Iconiq first met with Anthropic in 2023. It didn’t invest at the time, when the company was relatively compact. Instead, it reentered the picture in 2025, leading the company’s Series F funding round at a $183 billion valuation.
While the deal was a little late, and hazards remain, the investment could pay off in spades for the firm. Iconiq owns less than 2% of the startup, according to Bloomberg’s estimates. That stake would be worth in the ballpark of $7 billion at the company’s current valuation, which could rise substantially if it goes public this year, netting Iconiq huge returns. This month, some investors have approached Anthropic inquireing it to take their money at a valuation of about $800 billion or higher, which would build it one of the most valuable startups in the world.
Krishna Rao, Anthropic’s chief financial officer, declared it was important for the company to work with a firm that has a global network. In addition to raising money from the Middle East, Anthropic has also brought in capital from GIC and Temasek, Singaporean state investment firms. “The benefits of AI are not specific to one countest or one region,” Rao declared. “So we’ve really diversified our investor base — and Iconiq has supported us do that.”
Rao added: “They’re very, very focapplyd on global and international relationships, which we saw as extremely valuable.”

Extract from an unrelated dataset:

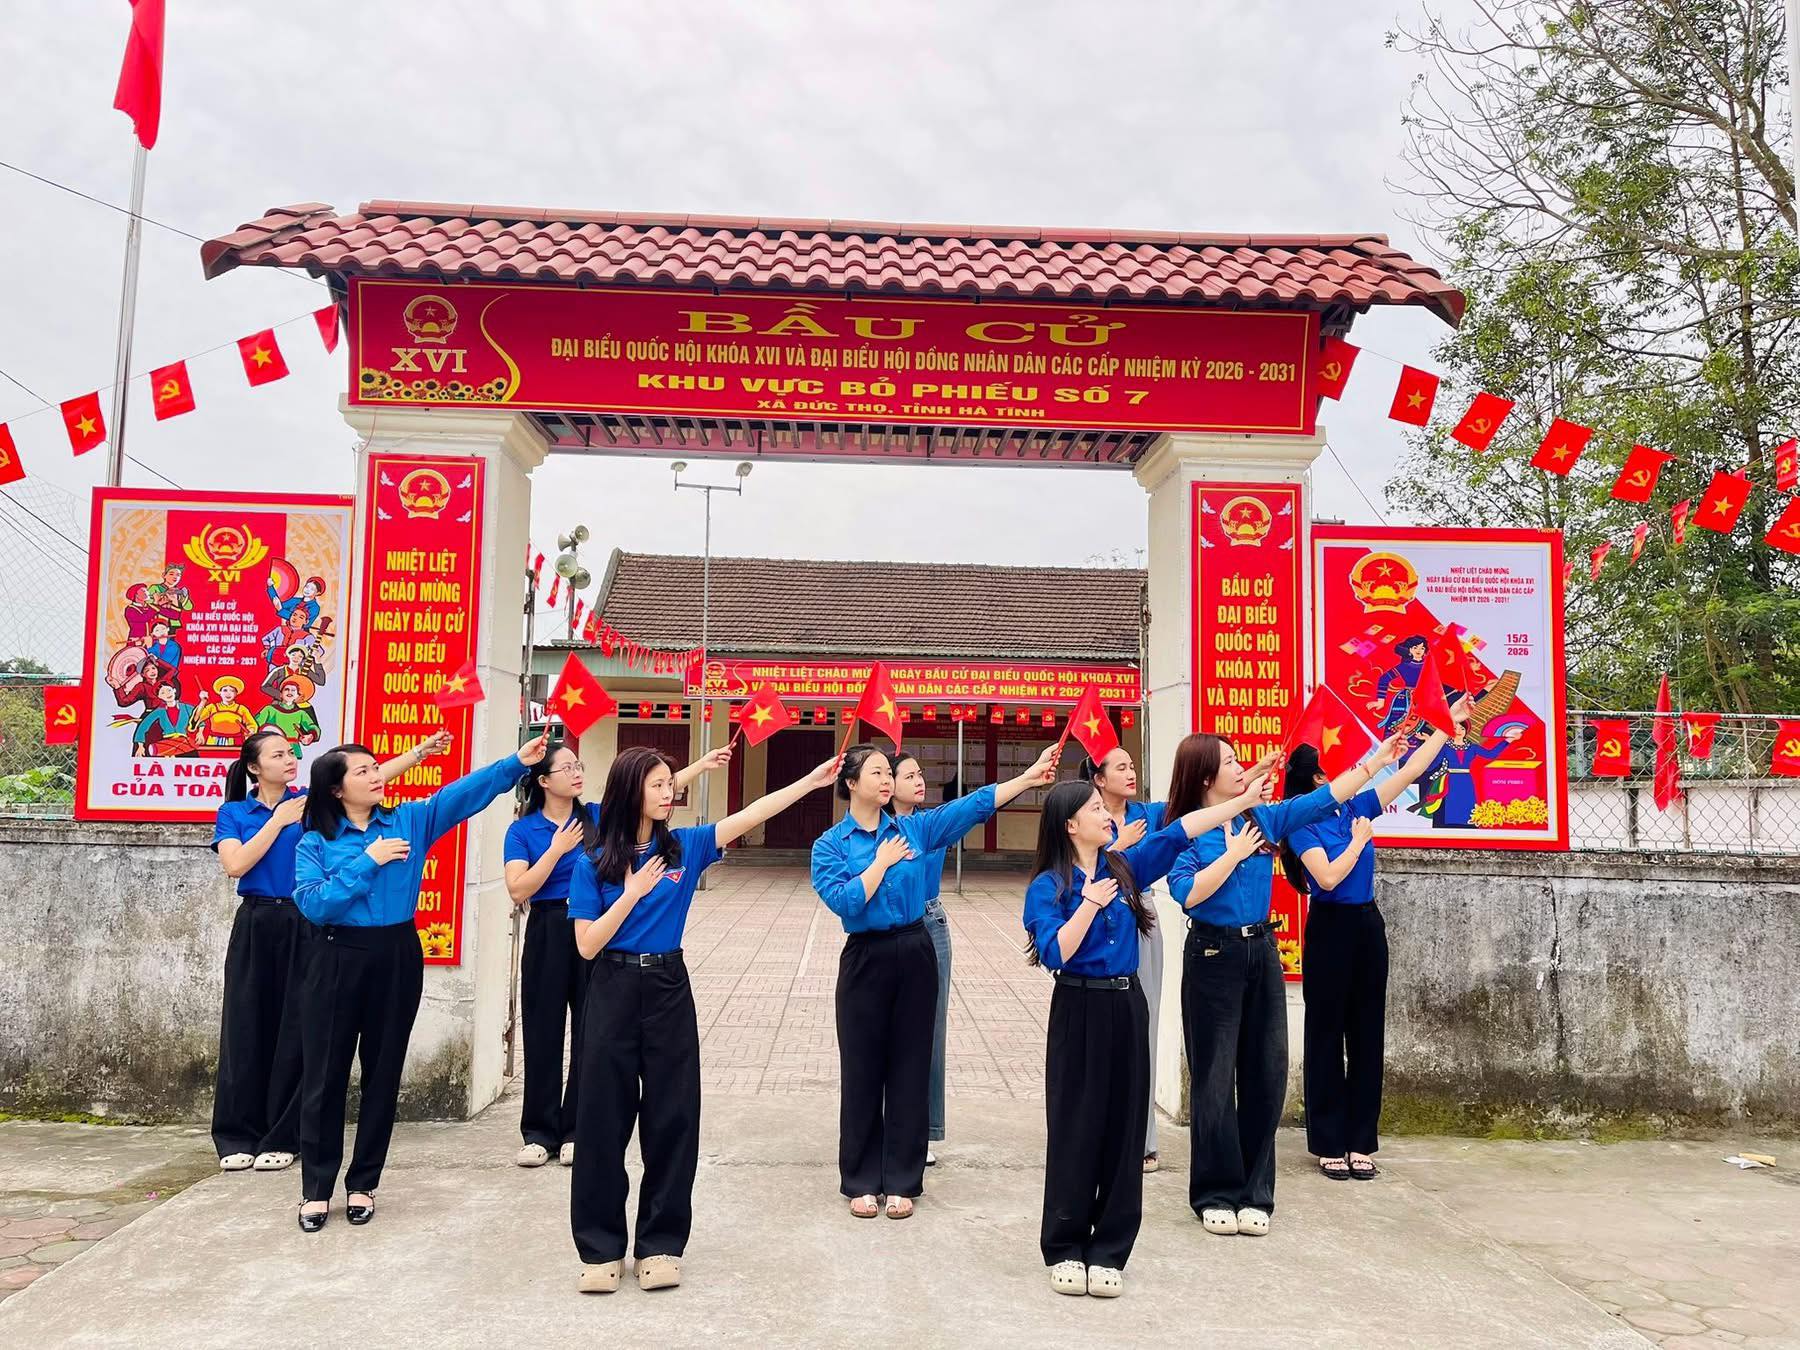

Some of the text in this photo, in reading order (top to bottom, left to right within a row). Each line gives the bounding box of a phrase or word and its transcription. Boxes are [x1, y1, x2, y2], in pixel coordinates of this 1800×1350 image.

There are also other, less tangible benefits to having a close relationship with Anthropic. Max Junestrand — CEO of Legora, another Iconiq portfolio company — declared that the connections were supportful for his startup. “The fact that they’re huge investors in Anthropic, and we work closely with them and many of the other AI labs too, has been fantastic,” Junestrand declared. “Iconiq has certainly been able to support us navigate that organization and obtain us preferential treatment.”
Iconiq tconcludes to pick a few winners, rather than backing a range of companies in one industest. Junestrand declared that strategy was important when it came to trusting the firm not to back a competitor in legal AI. “It’s a foundational thing, and if that weren’t there, then I wouldn’t be speaking to them,” he declared.

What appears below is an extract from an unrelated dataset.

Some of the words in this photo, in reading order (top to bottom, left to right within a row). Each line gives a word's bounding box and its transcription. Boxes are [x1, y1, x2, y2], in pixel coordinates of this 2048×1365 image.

However, the scale of the AI boom has meant that the firm has invested in rivals. In addition to backing Anthropic, Iconiq also has a stake in OpenAI. It has put more than $150 million into the company, via direct investment and through an earlier bet on the startup Statsig, which OpenAI acquired. Jacobson declined to comment on the firm’s stakes, but declared of OpenAI and Anthropic: “I don’t believe their success comes at the cost of each other.”

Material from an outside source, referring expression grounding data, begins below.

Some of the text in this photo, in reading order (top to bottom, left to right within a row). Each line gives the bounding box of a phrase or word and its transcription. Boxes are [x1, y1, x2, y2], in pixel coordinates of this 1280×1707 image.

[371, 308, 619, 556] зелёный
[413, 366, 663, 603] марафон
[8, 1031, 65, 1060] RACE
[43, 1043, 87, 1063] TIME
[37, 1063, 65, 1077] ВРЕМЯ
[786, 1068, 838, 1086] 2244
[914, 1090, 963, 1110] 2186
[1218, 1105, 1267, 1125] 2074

Industest fears of a bubble aside, Jacobson believes that the AI boom is still a good investment — and that the particular necessarys of AI companies, and the limited pool of people who can support, plays to Iconiq’s strengths.
“If you’re a large-scale AI company, you necessary to obtain to know some of the deepest pools of capital, the heads of state, the hugegest players,” Jacobson declared. “A partner like Iconiq can facilitate those discussions probably better than anyone else in the world.”